[Image-backed grounding data]
☆ ☆ ☆ ☆ ☆ ☆ ☆

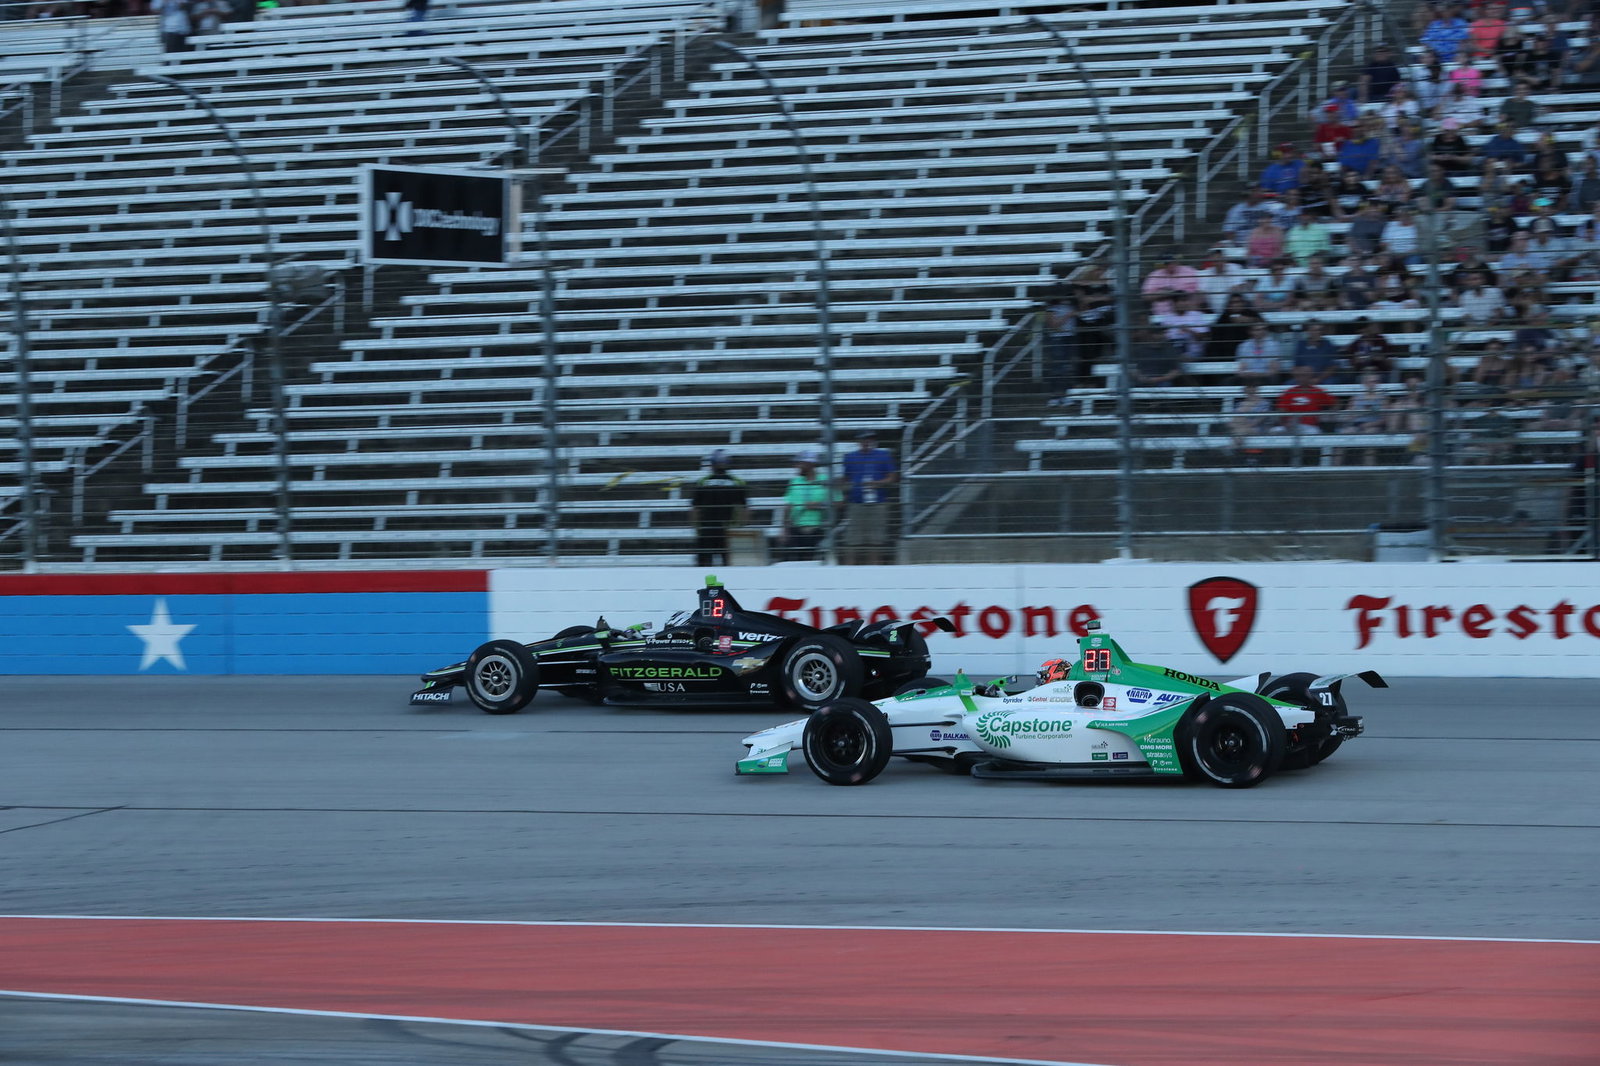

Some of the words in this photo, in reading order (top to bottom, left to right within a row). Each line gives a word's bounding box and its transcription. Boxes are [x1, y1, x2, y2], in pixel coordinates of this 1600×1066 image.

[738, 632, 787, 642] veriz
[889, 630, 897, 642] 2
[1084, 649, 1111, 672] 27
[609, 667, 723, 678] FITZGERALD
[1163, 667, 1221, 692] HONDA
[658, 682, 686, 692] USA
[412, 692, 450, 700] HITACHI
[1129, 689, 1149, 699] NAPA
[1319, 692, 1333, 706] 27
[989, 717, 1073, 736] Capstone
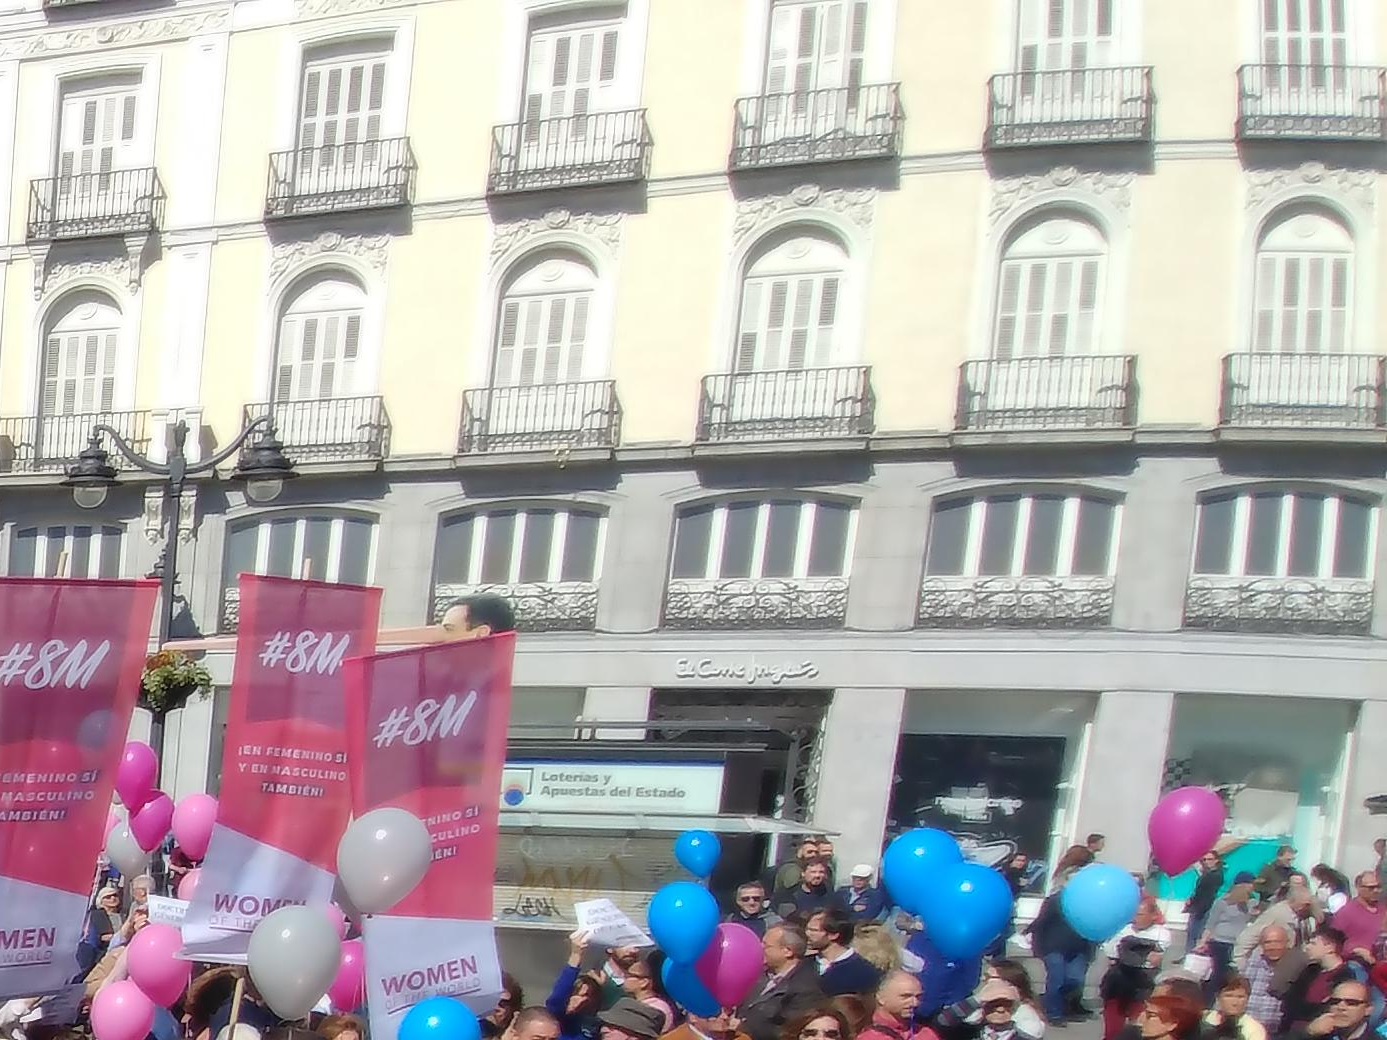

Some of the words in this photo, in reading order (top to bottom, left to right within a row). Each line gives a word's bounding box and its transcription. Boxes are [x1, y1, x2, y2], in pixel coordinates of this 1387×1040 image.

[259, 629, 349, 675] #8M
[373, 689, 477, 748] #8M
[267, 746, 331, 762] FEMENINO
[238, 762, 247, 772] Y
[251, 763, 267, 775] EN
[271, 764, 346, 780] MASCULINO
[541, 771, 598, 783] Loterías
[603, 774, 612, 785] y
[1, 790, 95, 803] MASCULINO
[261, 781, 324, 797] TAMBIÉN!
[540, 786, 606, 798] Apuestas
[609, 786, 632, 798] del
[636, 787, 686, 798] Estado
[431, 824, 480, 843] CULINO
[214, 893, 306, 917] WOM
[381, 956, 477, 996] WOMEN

☆ ☆ ☆ ☆ ☆ ☆ ☆

Assignment: An exact copy of each entry is required, minus the pictures.

Answer below:
Some of the words in this photo, in reading order (top to bottom, left to right within a row). Each line gives a word's bounding box and its transcription. Boxes are [x1, y1, x2, y2], in pixel coordinates of this 1600×1066 image.

[738, 632, 787, 642] veriz
[889, 630, 897, 642] 2
[1084, 649, 1111, 672] 27
[609, 667, 723, 678] FITZGERALD
[1163, 667, 1221, 692] HONDA
[658, 682, 686, 692] USA
[412, 692, 450, 700] HITACHI
[1129, 689, 1149, 699] NAPA
[1319, 692, 1333, 706] 27
[989, 717, 1073, 736] Capstone

Some of the words in this photo, in reading order (top to bottom, left to right within a row). Each line gives a word's bounding box and its transcription. Boxes are [x1, y1, x2, y2], in pixel coordinates of this 1387×1040 image.

[259, 629, 349, 675] #8M
[373, 689, 477, 748] #8M
[267, 746, 331, 762] FEMENINO
[238, 762, 247, 772] Y
[251, 763, 267, 775] EN
[271, 764, 346, 780] MASCULINO
[541, 771, 598, 783] Loterías
[603, 774, 612, 785] y
[1, 790, 95, 803] MASCULINO
[261, 781, 324, 797] TAMBIÉN!
[540, 786, 606, 798] Apuestas
[609, 786, 632, 798] del
[636, 787, 686, 798] Estado
[431, 824, 480, 843] CULINO
[214, 893, 306, 917] WOM
[381, 956, 477, 996] WOMEN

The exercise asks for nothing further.